Il faut dire que peu d'églises ont été édifiées depuis le Moyen Age. Un important élan se fait jour dans la première partie du XVIe siècle. C'est alors qu'on entreprit de construire de grands jubés en pierre, qui sont souvent des oeuvres superbes. Ils ont modifié la physionomie des édifices religieux. A Orléans, une ville qui a connu alors une expansion notable, un grand sculpteur s'impose : François Marchand. On ignore presque tout de son existence, mais on sait qu'il a joué un rôle majeur dans ce grand projet. Marchand est aussi l'auteur du tombeau de François Ier. Anne Embs a consacré dans ce volume un chapitre sur la sculpture à Orléans à partir de 1520, qui montre que les hôtels particuliers aussi bien que les églises se voient ornés d'oeuvres sculptées de qualité reposant sur des bases esthétiques nouvelles. Chartres, avec la venue de son nouvel évêque, Louis Guillard en 1525, n'a pas tardé s'est vite inscrit dans ce programme de rénovation profonde. L'évêque s'est impliqué dans tous les projets de construction ecclésiastique de sa région à une époque où la Réforme a commencé à se répandre. L’« hérésie » n' pas été la cause de ce nouveau cours de l'art, mais y a contribué indirectement. L'abbaye bénédictine Saint-Père est un des grands exemples de la mise en place de programmes iconographiques et liturgiques novateurs et aussi compliqués.
Malheureusement, il ne reste que des fragments de ces décors dont certains sont conservés au musée du Louvre. L'autre grand problème est la dispersion de nombreuses sculptures, dont on n'a pu connaître des exemples merveilleux au musée des Monuments français à partir de 1800. Mais le musée est fermé en 1816 et les ouvrages qui y étaient préservés sont retournés souvent (mais pas toujours) à leurs lieux d'origine. Ce serait en fait une cabale lancée contre Quatremère de Quincy, qu'on a accusé de séparer les oeuvres de leur contexte d'origine. Fort heureusement, on a restauré certains ensembles significatifs comme l'ancien jubé de l'église abbatiale Saint-Père (plusieurs des scènes du Nouveau Testament représentées sont inspirées par Raphaël et transmises par des dessins réalisés par des artistes italiens post »rieurs). La cathédrale de Chartres s'est aussi vue dorées de la tour du choeur, où le style gothique domine encore, mais dont les sculptures sont d'une modernité surprenante pour le début des années 1520. François Marchand a été l'un des artistes qui a contribué à la réalisation de cet ensemble magnifique. Paris, fort proche, a été touché par ce désir de renouvellement Ce qu'on a pi retrouver de l'abbaye Saint-Victor le prouve amplement.

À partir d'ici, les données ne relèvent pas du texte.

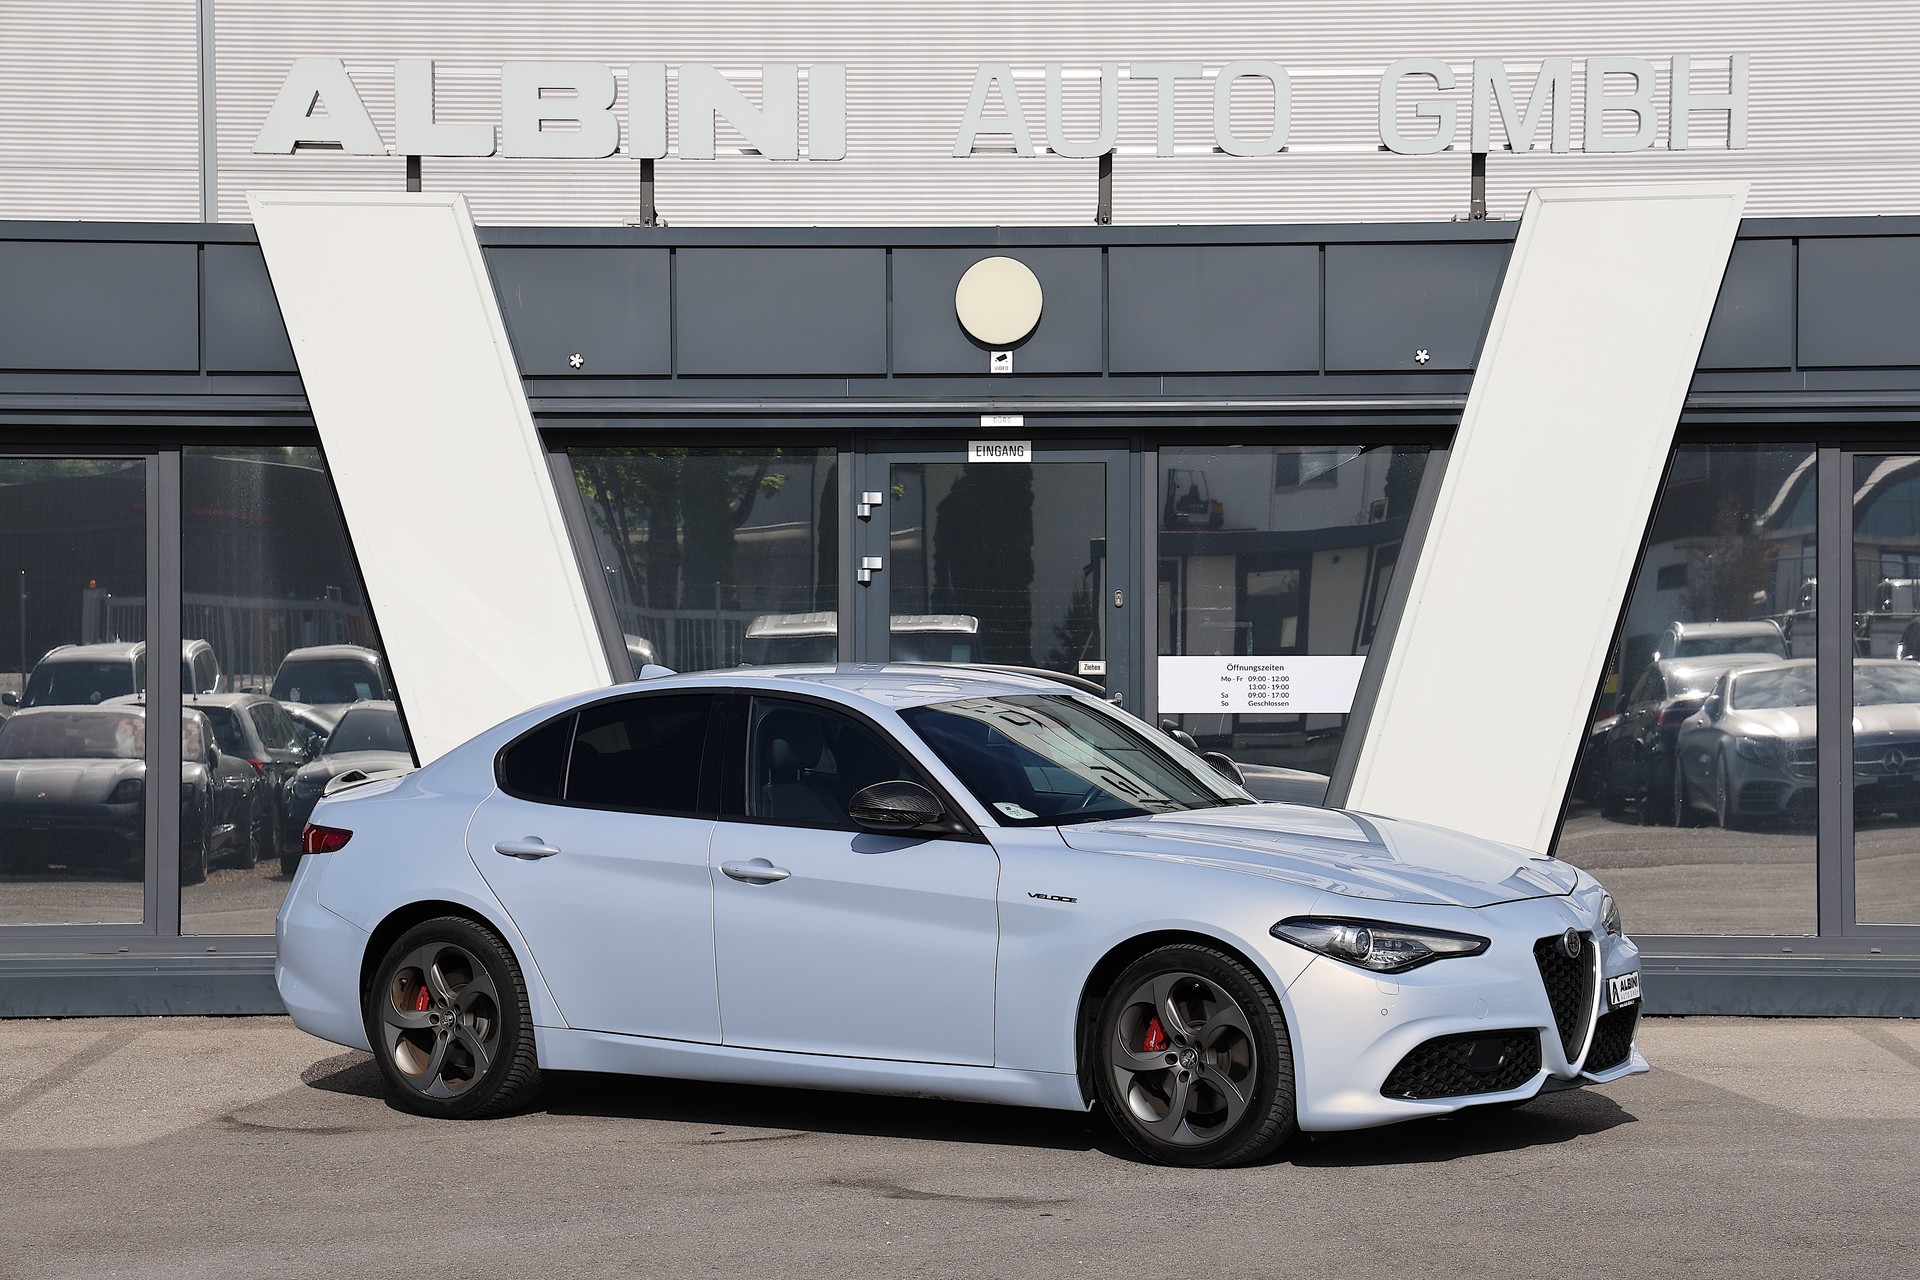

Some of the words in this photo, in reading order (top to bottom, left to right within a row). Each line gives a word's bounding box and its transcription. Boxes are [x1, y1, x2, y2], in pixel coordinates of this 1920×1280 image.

Mais c'est surtout le décor de l'église abbatiale Sainte-Geneviève qui demeure la preuve de cette magnifique rénovation de l'art sculptural. Le jubé de Saint-Germain-L'auxerrois a aussi été une création des plus remarquables. Jean Goujon, l'un des plus grands artistes de ces temps, y a réalisé une Déploration sur le Christ mort (1544-1545) qu'on a reconstitué ; il a aussi exécuté les quatre apôtres (aujourd'hui au musée du Louvre). On trouvera enfin dans ce volume copieux des explications techniques qui sont fondamentales qui permettent de reconstituer des ensembles souvent détruits en grande partie. De toute évidence, il a été conçu pour des spécialistes. Mais des profanes comme moi y puiseront des merveilles de connaissance.

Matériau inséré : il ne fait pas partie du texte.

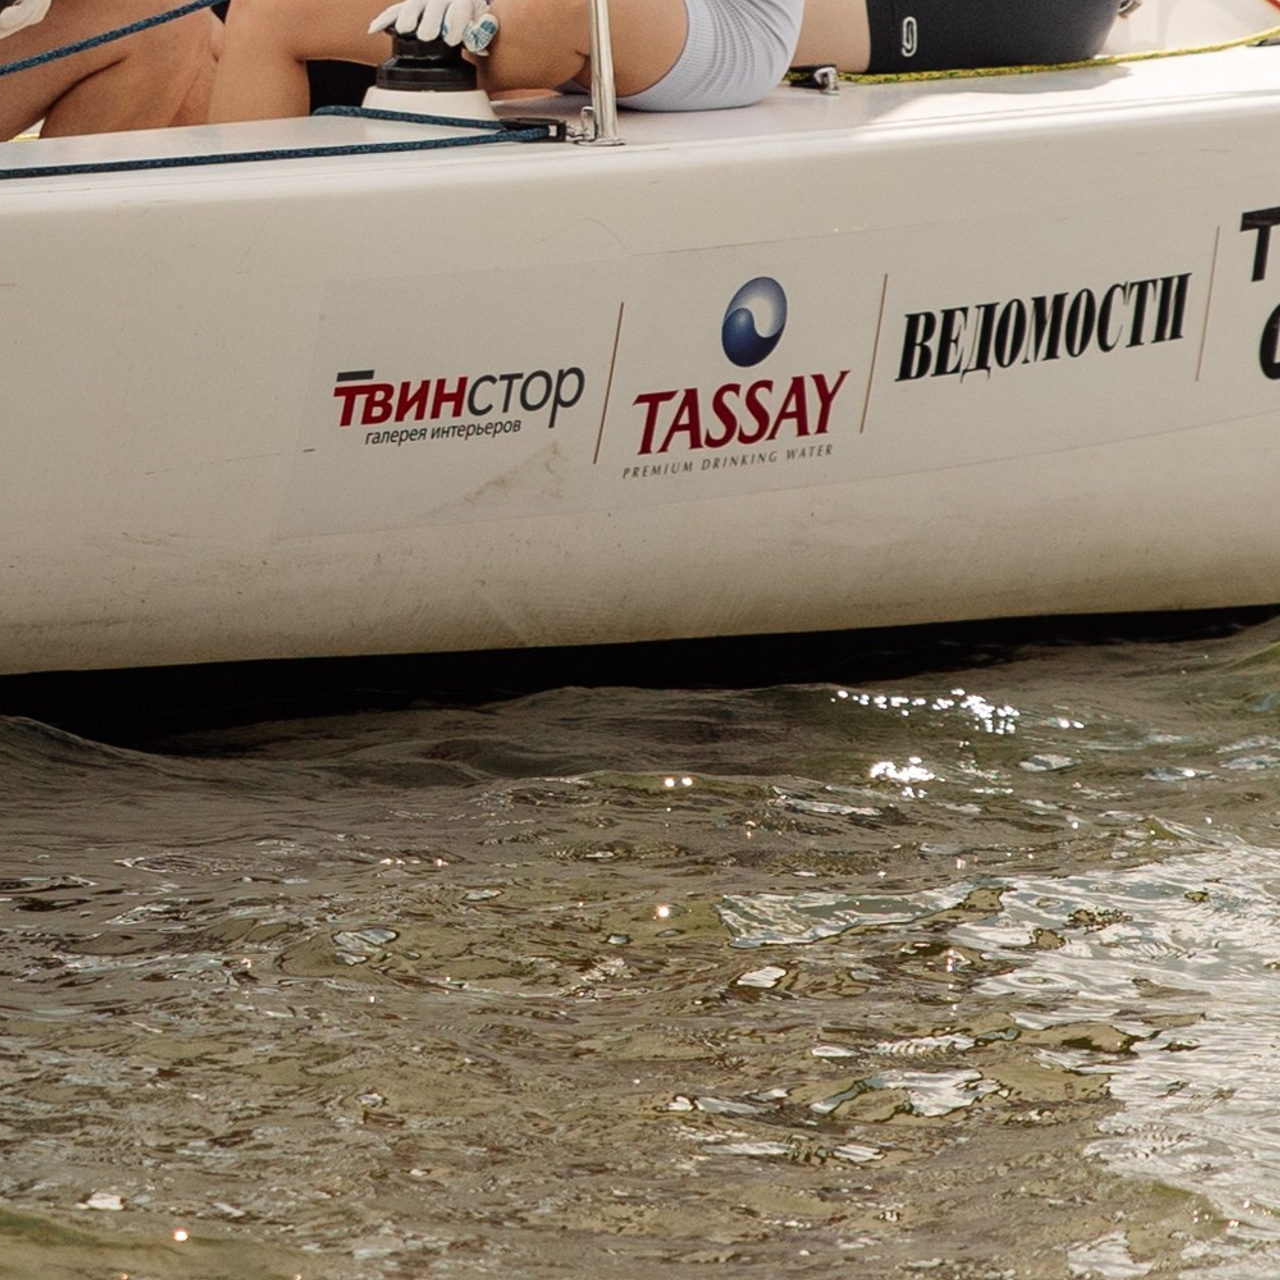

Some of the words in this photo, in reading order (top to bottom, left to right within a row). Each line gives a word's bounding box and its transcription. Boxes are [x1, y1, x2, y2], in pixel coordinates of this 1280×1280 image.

[894, 272, 1192, 384] ВЕДОМОСТИ
[365, 423, 427, 448] галерея
[430, 418, 522, 440] интерьеров
[632, 369, 851, 456] TASSAY
[622, 462, 694, 480] PREMIUM
[701, 450, 779, 471] DRINKING
[786, 443, 834, 460] WATER

Transbordeur Photographie, histoire, société, Editions Macula, 216 p., 29 euro.

Les éditions Macula publient la plus belle et la plus intéressante revue concernant la photographie. Cette cinquième livraison ne dément pas cette réalité. Le dossier choisi cette fois concerne le design sous bien des formes différentes et parfois inattendues. Le premier article est consacré aux relations de la photographie avec les arts appliqués et avec le design, suivi d'un autre article sur le langage spécifique du design et d'un autre sur la manière de photographier les objets. On trouve ensuite une étude sur Margaret de Parra, une créatrice peu connue, qui a réalisé des bijoux et surtout des montres et Lucy Mountfield a exécutée des clichés d'appareils photographiques de l'entre deux guerres, de vanity cases qui ont la formes de ce genre d'appareil et aussi de publicités d'appareils Kodak - cette étude permet au lecteur de comprendre l'esprit graphique qui a été décliné par cette grande société américaine qui a visé un large public, mais a aussi songé à des produits un peu plus luxueux.

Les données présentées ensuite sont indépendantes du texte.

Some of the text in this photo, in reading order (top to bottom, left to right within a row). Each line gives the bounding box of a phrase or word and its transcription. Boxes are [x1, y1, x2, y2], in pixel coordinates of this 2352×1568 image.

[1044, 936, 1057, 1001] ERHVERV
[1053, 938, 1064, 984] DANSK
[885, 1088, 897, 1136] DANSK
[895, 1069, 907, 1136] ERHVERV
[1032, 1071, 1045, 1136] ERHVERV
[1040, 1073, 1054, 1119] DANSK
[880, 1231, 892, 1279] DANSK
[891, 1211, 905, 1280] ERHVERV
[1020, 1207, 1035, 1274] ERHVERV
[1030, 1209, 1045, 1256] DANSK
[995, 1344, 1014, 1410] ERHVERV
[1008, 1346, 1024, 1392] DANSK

Pepper Stetler s'est intéressé de près aux produits du Werkbund Wohnberdarf de Stuttgart, qui a présenté en 1932 d'importantes expositions où l'on pouvait voir des objets de la vie domestique moderne. On découvre ensuit des exemples de l'importante collection du musée des Arts décoratifs de Paris. Suit un long et pertinent article sur la personnalité d'Ettore Sottsas Jr, le créateur de la société Memphis qui a été la plus fameuse officie de création d'objets pendant le dernier tiers du siècle dernier. Sotsass Jr a été sans aucun doute le designer le plus célèbre au monde de toute cette période et son esthétique a été présentée dans de nombreux musées du monde entier, dont le centre Pompidou. L'article s'attache surtout à parler de ses donations, en particulier à la Bibliothèque Kandinsky à Paris. On quitte ce domaine spécifique pour découvrir l'image de l'animal de compagnie, qui a été à la source d'un sous-genre des plus curieux. Je ne veux pas citer tous les écrits qui concluent ce numéro. Mais je tiens à souligner que ces pages montrent des aspects originaux de la recherche photographique ou de la pire et simple commercialisation de ce medium. C'est remarquable et une mine de découvertes pour les passionnés de la culture photographique.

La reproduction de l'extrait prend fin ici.